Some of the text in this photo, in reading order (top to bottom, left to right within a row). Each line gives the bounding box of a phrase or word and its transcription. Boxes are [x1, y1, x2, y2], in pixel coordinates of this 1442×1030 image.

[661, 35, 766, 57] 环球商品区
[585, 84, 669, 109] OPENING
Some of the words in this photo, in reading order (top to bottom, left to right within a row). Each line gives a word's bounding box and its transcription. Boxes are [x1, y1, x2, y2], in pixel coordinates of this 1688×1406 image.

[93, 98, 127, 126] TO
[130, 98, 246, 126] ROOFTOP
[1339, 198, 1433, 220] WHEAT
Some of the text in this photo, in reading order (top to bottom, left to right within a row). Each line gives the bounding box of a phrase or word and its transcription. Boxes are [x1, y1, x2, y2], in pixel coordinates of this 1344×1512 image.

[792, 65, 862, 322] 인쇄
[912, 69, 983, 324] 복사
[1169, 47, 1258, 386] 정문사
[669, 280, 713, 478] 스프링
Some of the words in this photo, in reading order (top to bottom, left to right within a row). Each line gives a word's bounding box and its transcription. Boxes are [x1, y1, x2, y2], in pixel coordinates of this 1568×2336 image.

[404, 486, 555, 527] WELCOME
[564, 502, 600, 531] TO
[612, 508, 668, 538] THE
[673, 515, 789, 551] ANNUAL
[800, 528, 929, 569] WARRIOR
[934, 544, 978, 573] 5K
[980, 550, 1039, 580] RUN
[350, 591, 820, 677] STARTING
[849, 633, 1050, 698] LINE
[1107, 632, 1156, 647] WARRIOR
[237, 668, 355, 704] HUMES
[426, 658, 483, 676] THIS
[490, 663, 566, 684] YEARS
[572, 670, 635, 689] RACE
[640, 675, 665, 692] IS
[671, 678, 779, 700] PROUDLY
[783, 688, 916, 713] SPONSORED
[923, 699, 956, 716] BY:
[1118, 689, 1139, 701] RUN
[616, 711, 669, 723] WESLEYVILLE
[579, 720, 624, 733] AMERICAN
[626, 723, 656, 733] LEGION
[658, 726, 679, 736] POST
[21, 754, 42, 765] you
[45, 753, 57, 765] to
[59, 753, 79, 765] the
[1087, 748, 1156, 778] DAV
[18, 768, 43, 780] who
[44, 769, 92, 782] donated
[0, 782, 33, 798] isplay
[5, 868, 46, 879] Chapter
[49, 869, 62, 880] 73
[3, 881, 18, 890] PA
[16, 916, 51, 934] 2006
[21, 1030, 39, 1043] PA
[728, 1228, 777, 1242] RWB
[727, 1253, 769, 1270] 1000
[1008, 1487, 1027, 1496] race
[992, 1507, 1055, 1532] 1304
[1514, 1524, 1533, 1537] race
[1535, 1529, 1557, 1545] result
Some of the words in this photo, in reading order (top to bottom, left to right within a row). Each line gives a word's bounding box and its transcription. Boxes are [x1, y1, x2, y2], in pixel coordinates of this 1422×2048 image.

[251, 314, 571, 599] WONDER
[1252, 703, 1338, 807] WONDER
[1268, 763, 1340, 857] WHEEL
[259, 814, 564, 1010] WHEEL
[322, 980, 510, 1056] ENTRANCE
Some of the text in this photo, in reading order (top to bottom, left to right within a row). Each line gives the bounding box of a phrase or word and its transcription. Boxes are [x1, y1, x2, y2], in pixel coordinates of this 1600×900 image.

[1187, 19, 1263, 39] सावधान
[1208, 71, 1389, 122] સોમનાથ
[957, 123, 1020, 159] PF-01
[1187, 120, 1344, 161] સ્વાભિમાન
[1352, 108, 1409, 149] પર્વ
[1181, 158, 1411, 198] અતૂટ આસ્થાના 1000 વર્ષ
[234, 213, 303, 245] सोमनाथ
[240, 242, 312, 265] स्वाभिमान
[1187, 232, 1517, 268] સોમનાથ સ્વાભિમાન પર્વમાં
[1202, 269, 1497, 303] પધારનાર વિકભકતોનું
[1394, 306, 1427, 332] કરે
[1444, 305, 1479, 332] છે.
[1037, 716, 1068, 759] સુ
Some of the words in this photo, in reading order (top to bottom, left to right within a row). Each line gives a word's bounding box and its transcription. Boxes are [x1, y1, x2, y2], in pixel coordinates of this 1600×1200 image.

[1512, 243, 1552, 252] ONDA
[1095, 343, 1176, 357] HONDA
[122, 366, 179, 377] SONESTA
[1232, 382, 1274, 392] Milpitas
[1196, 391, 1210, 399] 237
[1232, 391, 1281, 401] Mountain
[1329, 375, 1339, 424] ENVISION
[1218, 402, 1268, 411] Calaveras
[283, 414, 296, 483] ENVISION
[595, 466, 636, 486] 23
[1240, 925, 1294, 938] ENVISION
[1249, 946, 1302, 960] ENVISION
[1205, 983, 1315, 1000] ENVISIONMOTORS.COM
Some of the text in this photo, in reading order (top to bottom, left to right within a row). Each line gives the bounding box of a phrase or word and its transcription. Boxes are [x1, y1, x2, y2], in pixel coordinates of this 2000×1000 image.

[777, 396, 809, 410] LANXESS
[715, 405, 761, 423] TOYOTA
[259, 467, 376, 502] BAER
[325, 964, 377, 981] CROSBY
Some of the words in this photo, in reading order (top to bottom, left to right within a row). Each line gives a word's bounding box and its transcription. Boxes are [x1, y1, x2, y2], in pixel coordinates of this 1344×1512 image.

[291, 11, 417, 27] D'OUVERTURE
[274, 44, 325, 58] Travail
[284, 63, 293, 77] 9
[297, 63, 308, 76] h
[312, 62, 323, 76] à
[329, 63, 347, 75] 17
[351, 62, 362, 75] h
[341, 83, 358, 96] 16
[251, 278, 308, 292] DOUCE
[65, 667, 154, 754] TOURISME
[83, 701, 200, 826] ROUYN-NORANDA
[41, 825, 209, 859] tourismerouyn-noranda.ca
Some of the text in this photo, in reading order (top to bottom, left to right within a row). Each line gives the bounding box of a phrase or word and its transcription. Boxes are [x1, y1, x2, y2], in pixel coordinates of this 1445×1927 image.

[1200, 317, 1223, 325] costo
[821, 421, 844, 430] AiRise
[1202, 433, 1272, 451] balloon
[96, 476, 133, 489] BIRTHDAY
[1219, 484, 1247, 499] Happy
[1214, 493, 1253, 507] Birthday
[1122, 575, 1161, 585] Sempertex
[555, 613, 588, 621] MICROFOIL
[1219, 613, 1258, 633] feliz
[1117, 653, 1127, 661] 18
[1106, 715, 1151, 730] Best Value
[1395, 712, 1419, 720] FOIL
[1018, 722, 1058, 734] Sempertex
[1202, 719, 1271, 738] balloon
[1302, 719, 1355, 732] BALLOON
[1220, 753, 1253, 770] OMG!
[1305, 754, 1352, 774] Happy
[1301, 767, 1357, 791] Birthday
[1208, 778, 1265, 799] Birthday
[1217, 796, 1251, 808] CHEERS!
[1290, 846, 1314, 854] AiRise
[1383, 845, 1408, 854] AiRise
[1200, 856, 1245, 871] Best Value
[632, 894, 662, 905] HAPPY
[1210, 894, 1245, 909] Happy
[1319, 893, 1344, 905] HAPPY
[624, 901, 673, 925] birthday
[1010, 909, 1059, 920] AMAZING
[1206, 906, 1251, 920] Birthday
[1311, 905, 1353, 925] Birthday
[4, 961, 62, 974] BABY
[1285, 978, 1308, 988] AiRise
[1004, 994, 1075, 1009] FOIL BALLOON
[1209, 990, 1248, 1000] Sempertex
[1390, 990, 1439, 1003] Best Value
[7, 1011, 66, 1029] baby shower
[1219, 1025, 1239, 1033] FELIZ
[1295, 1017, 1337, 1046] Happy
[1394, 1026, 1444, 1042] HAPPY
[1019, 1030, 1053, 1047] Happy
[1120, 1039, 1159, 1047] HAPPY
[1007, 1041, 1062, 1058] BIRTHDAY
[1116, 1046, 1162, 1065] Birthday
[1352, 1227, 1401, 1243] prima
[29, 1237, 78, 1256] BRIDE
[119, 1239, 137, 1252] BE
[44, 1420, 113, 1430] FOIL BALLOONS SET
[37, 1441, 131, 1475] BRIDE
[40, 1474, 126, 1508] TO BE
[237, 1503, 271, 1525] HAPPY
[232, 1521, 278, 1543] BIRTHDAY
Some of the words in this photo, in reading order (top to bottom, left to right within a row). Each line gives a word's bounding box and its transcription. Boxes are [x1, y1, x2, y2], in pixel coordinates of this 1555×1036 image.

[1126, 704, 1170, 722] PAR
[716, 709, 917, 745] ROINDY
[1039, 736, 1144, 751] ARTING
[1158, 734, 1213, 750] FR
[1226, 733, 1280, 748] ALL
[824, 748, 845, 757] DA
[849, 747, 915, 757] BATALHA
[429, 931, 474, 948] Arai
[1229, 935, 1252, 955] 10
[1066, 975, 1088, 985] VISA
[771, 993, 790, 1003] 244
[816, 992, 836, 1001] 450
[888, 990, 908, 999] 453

Task statement: In the listing above, find the line that contains "this 1555×1036 image.". Write it out exactly, along with each line after it up to and including the last.

Answer to this exercise:
Some of the words in this photo, in reading order (top to bottom, left to right within a row). Each line gives a word's bounding box and its transcription. Boxes are [x1, y1, x2, y2], in pixel coordinates of this 1555×1036 image.

[1126, 704, 1170, 722] PAR
[716, 709, 917, 745] ROINDY
[1039, 736, 1144, 751] ARTING
[1158, 734, 1213, 750] FR
[1226, 733, 1280, 748] ALL
[824, 748, 845, 757] DA
[849, 747, 915, 757] BATALHA
[429, 931, 474, 948] Arai
[1229, 935, 1252, 955] 10
[1066, 975, 1088, 985] VISA
[771, 993, 790, 1003] 244
[816, 992, 836, 1001] 450
[888, 990, 908, 999] 453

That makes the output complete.